Her destination reached, Sion House was found empty; but it was not long before those who were pulling the strings arrived. The message from the King had been a fiction. Edward’s gentle spirit was at rest, and he himself forgotten in the rush of events. There was little time for thought of the dead. The interests of religion and of the State, as some would call it, the ambition of unscrupulous and unprincipled men, as it would be named by others, demanded the whole attention of the steersmen who stood, for the moment, at the helm.
It had been decided to keep the fact of the King’s death secret until measures should have been taken to ensure the success of the desperate game they were playing. To secure possession of the person of his natural successor was of the first importance; and a letter had been despatched to Mary when her brother was manifestly at the point of death which it was hoped would avail to bring her to London and would enable her enemies to fulfil their purpose. Stating that the King was very ill, she was entreated to come to him, as he earnestly desired the comfort of her presence.

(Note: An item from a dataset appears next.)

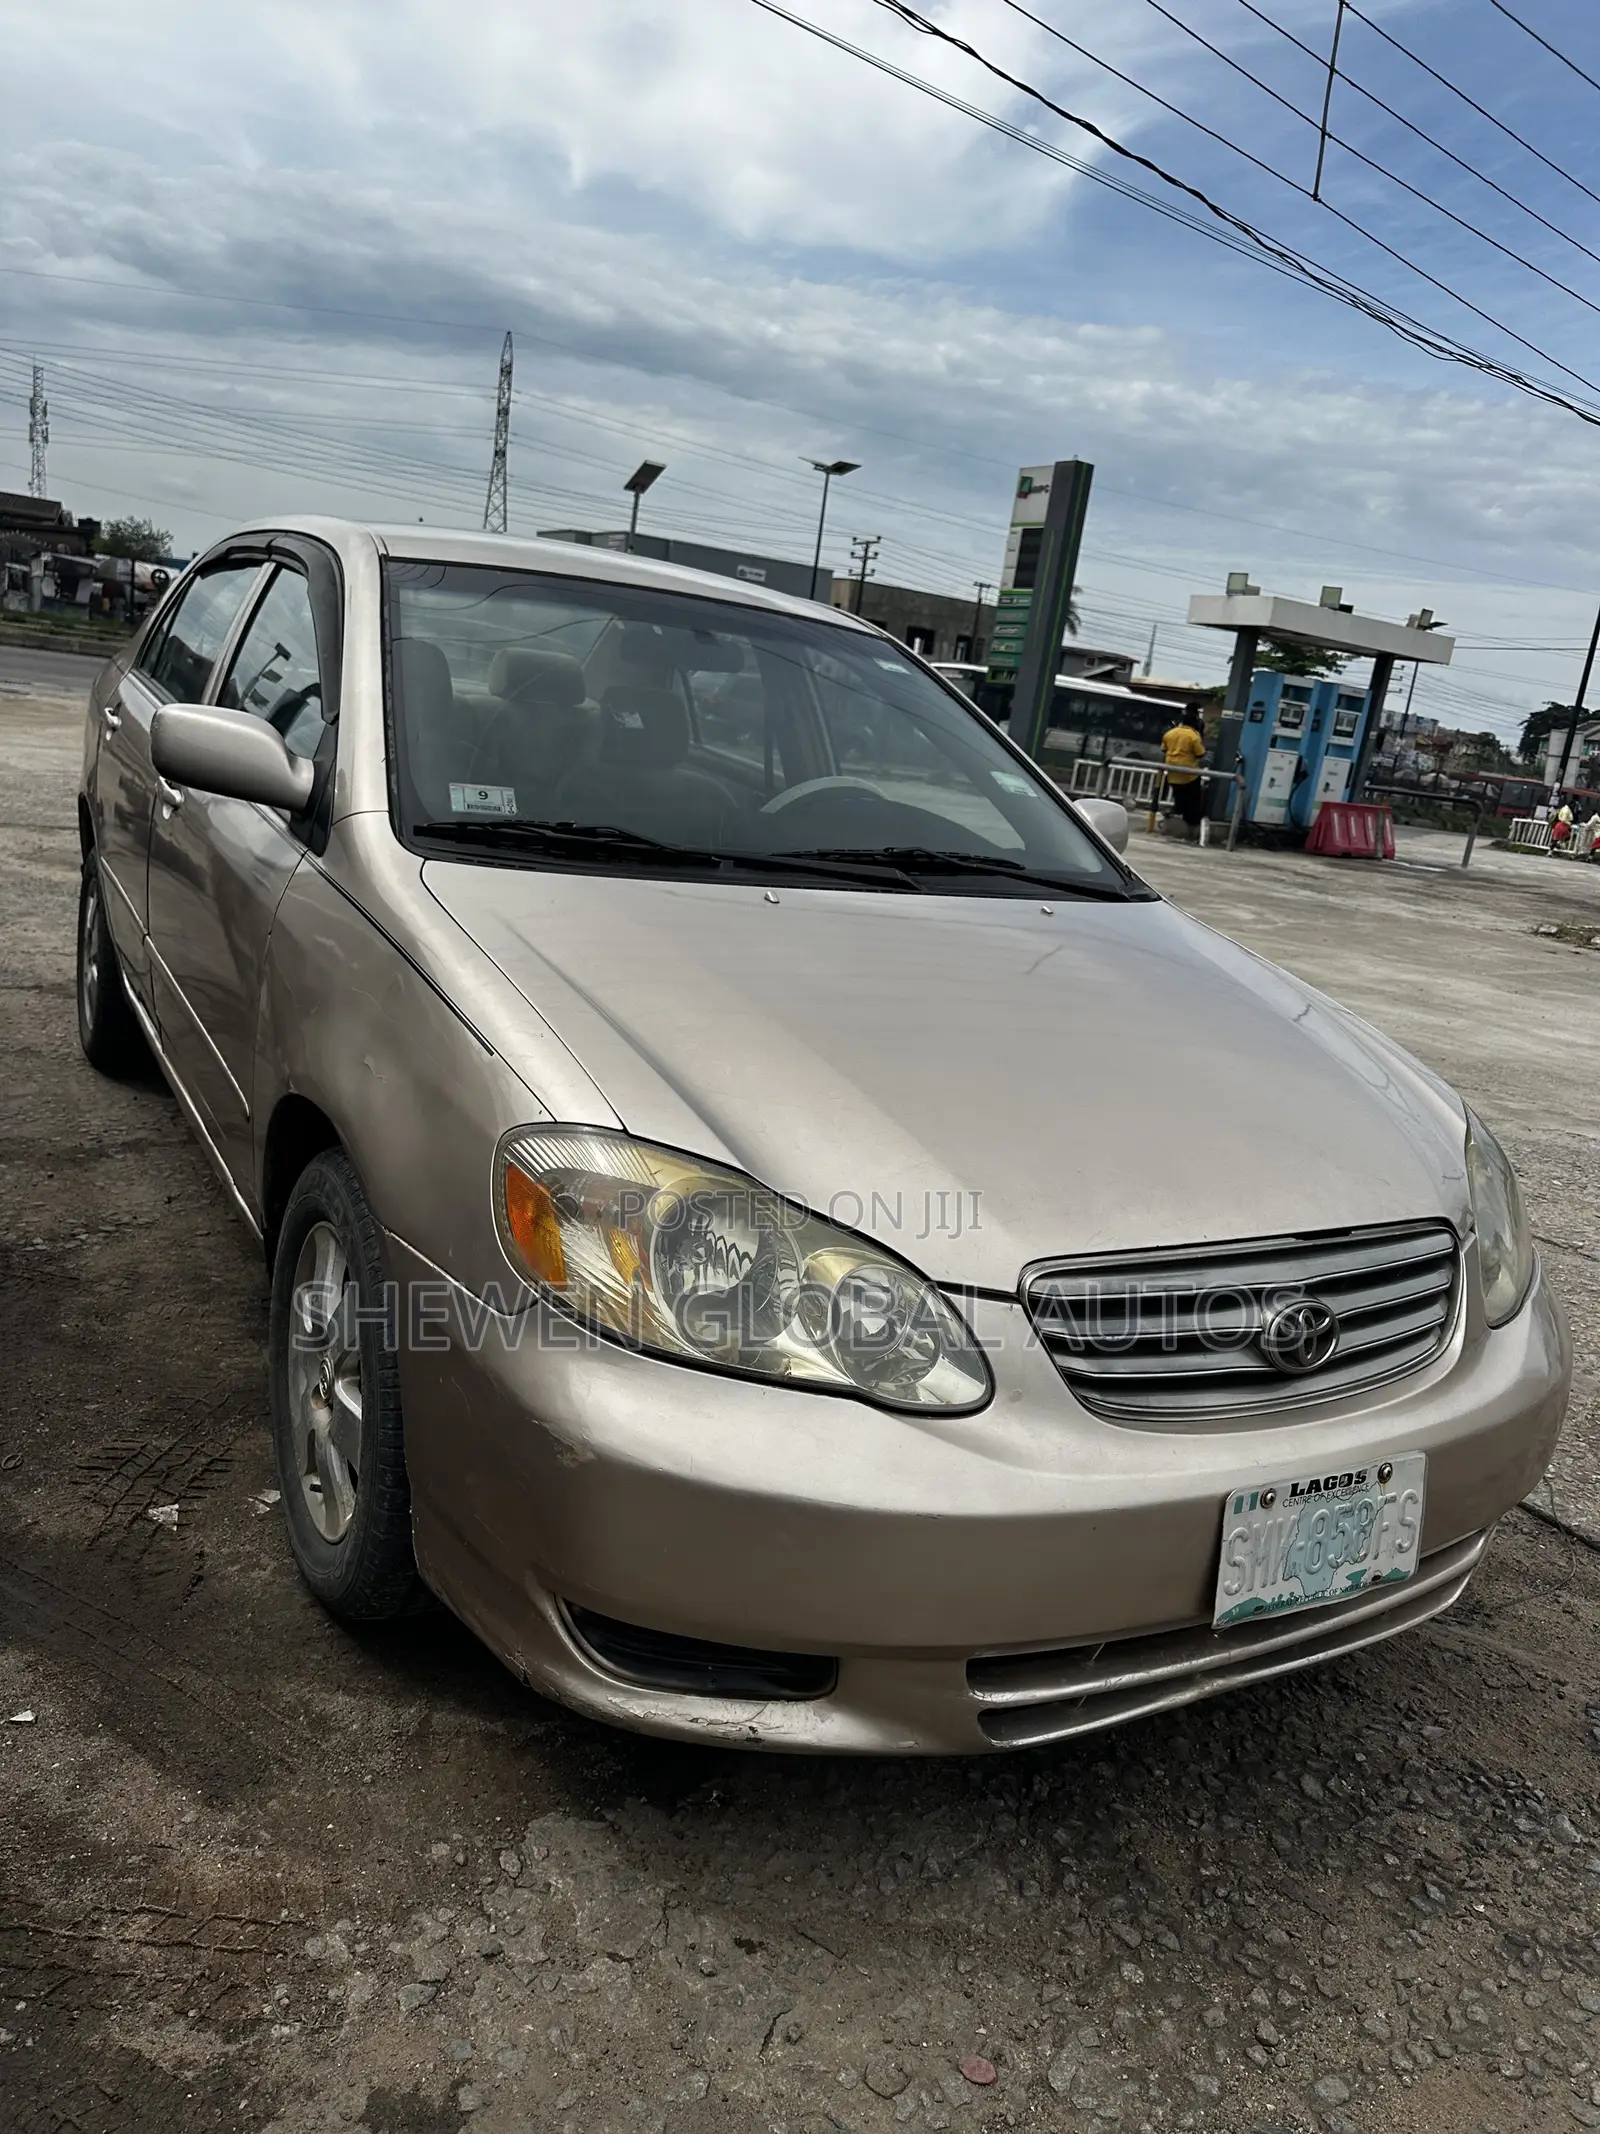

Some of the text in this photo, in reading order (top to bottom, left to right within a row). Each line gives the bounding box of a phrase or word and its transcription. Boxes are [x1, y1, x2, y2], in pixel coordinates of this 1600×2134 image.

[477, 790, 489, 801] 9
[1282, 1482, 1370, 1508] CENTRE OF EXCELLENCE
[1289, 1469, 1368, 1498] LAGOS

Mary must have been well aware of the risk she would run in responding to the appeal; and it says much for her courage and her affection that she did not hesitate to incur it. A fortunate chance, however, frustrated the designs against her. Starting from Hunsdon, where the tidings had found her, she had reached Hoddesden on her way to Greenwich, when she was met by intelligence that determined her to go no further. The King was dead; nor was it difficult to discern in the urgent summons, sent too late to accomplish its ostensible purpose, a transparent attempt to induce her to place herself in the power of her enemies.
Opinions have differed as to the means by which Northumberland’s scheme was frustrated. Some say that the news was conveyed to the Princess by the Earl of Arundel. Sir Nicholas Throckmorton also claims credit for the warning. According to this account of the matter, a young brother of his, in attendance upon Northumberland, had become cognisant of the intended treachery, and had come post-haste to report what was a-foot at his father’s house. A few words spoken by Sir John Gates, visiting the Duke before he had risen, were all that had reached the young man’s ears, but those words had been of startling significance, the state of affairs being what it was.
“What, sir,” he had heard Gates say, “will you let the Lady Mary escape, and not secure her person?”